September 1st, 2013
A TASTE of Registry-Based Randomized Trials
CardioExchange’s Harlan M. Krumholz interviews Ole Fröbert, lead investigator of the TASTE trial, about his study group’s registry-based trial design. The article is published in The New England Journal of Medicine and was presented at the European Society of Cardiology conference in Amsterdam.
Researchers in Sweden conducted a multicenter, prospective, open-label, randomized controlled trial to investigate the effect of thrombus aspiration on hard clinical endpoints in patients with ST-segment-elevation myocardial infarction (STEMI). They used the infrastructure of the population-based registry Swedish Coronary Angiography and Angioplasty Registry (SCAAR) to facilitate patient enrollment and data collection.
In all, 7244 patients with STEMI undergoing percutaneous coronary intervention (PCI) were randomized to undergo manual thrombus aspiration followed by PCI or PCI alone. All-cause mortality at 30 days was similar in the two groups — 2.8% of the thrombus-aspiration group and 3.0% in the PCI-only group — as was the rate of stroke or other neurologic complications at discharge. The thrombus-aspiration group had slightly but nonsignificantly lower rates of hospitalization for recurrent MI at 30 days (0.5% vs. 0.9%; P=0.09) and of stent thrombosis (0.2% vs. 0.5%; P=0.06). Findings were consistent across major prespecified subgroups, including those defined according to pre-PCI thrombus burden and coronary flow. No participants were lost to follow-up.

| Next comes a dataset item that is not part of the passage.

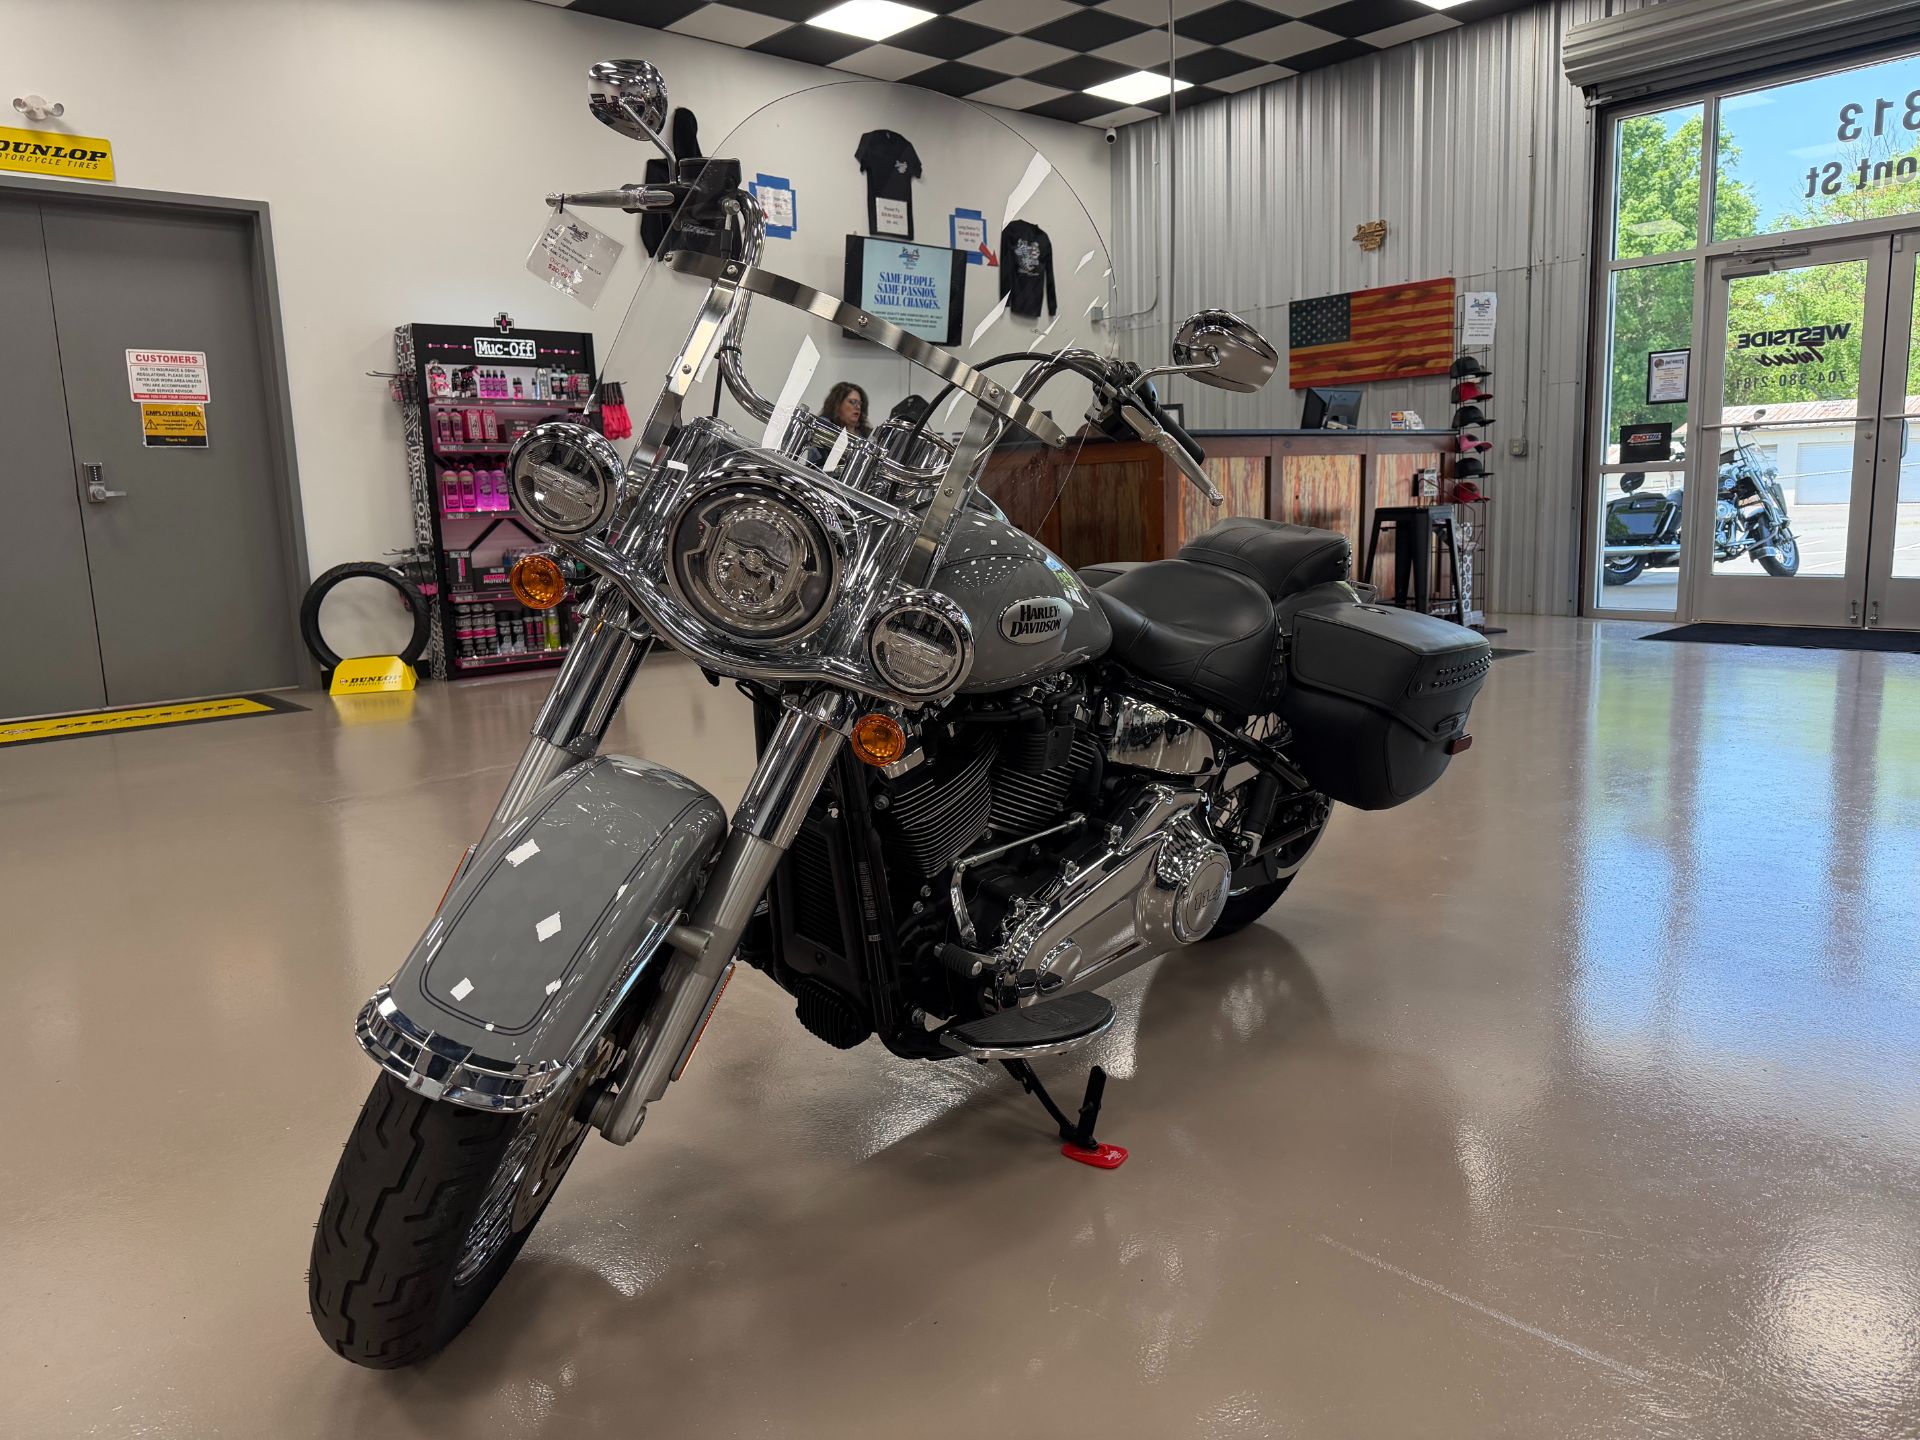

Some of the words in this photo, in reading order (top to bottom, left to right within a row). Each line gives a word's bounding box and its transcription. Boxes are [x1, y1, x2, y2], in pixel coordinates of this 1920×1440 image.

Krumholz: You have achieved a remarkable study at a low cost. What did you learn from this experience?
Fröbert: First of all that it is doable. The Scandinavian countries have a long tradition of health registries, some going back to the 1950s. More recently, several registries have become web-based, whereby a nurse or physician enters information while examining a patient. For some registries, entering information is compulsory and a prerequisite for administration. Personal identification numbers allow patients in Scandinavia to be tracked, and information on hard endpoints such as death and rehospitalization can be extracted from the same or other national registries. The quality and the fidelity are thus highly reliable.
Adding a randomization module to the existing SCAAR registry was a relatively minor alteration. All information already entered was able to serve as a substitute for case record forms, and all outcome information could be extracted from the registries when needed. Accordingly, administration related to conducting a registry-based RCT is negligible, with no need for dedicated follow-up. We also learned that if the additional work related to randomization is kept at a minimum (as in the TASTE trial), colleagues and hospitals that don’t often take part in clinical trials are eager to participate. Therefore, the spectrum of patients was broader and probably more representative than what conventional clinical trials typically have. With the costs reduced to <1% of the usual costs of an RCT, our concept opens up potentially new ways to conduct clinical trials and improve quality of care in areas with no or limited revenue.
Krumholz: Did you lose anything by taking this approach of building on the registry?
Fröbert: A strength of the registry-based RCT concept is that hard endpoints can be addressed with close to 100% accuracy. Surrogate endpoints such as ST-segment resolution or coronary flow are more susceptible to inaccuracy. Typically, this does not affect one group more than another in an RCT, but underreporting is a possibility. However, because enrollment in a registry-based RCT is simple for the physician, it is relatively easy to recruit enough patients and achieve sufficient power to learn whether the investigated treatment actually reduces mortality.
Krumholz: Is there anything you should have done differently?
Fröbert: The outcome in the TASTE trial was neutral, so additional surrogate endpoints might have been relevant in helping us learn more about the pathophysiology related to thrombus burden, distal embolization, and no reflow. In future trials, we will dedicate resources to adjudication of key surrogate endpoints to get a broader picture.
Krumholz: Are you conducting additional trials in this way?
Fröbert: Yes: Detox-AMI, which is already recruiting participants, will be a 6600-patient registry-based RCT of oxygen therapy versus room air in patients with suspected myocardial infarction. Additional trials on invasive therapies will start sometime soon.
Krumholz: What advice would you give the ACCF and AHA if they wanted to conduct RCTs on top of their registries?
Fröbert: In the U.S. and many other countries, the lack of personal identification numbers creates a challenge. However, given the amount of information being gathered in heart registries today, it seems relatively straightforward to conduct trials using existing registries such as the National Cardiovascular Data Registry, when key variables have accuracy above 90%, as platforms for RCTs. Strengths and weaknesses could be investigated in smaller pilot studies before launching larger trials.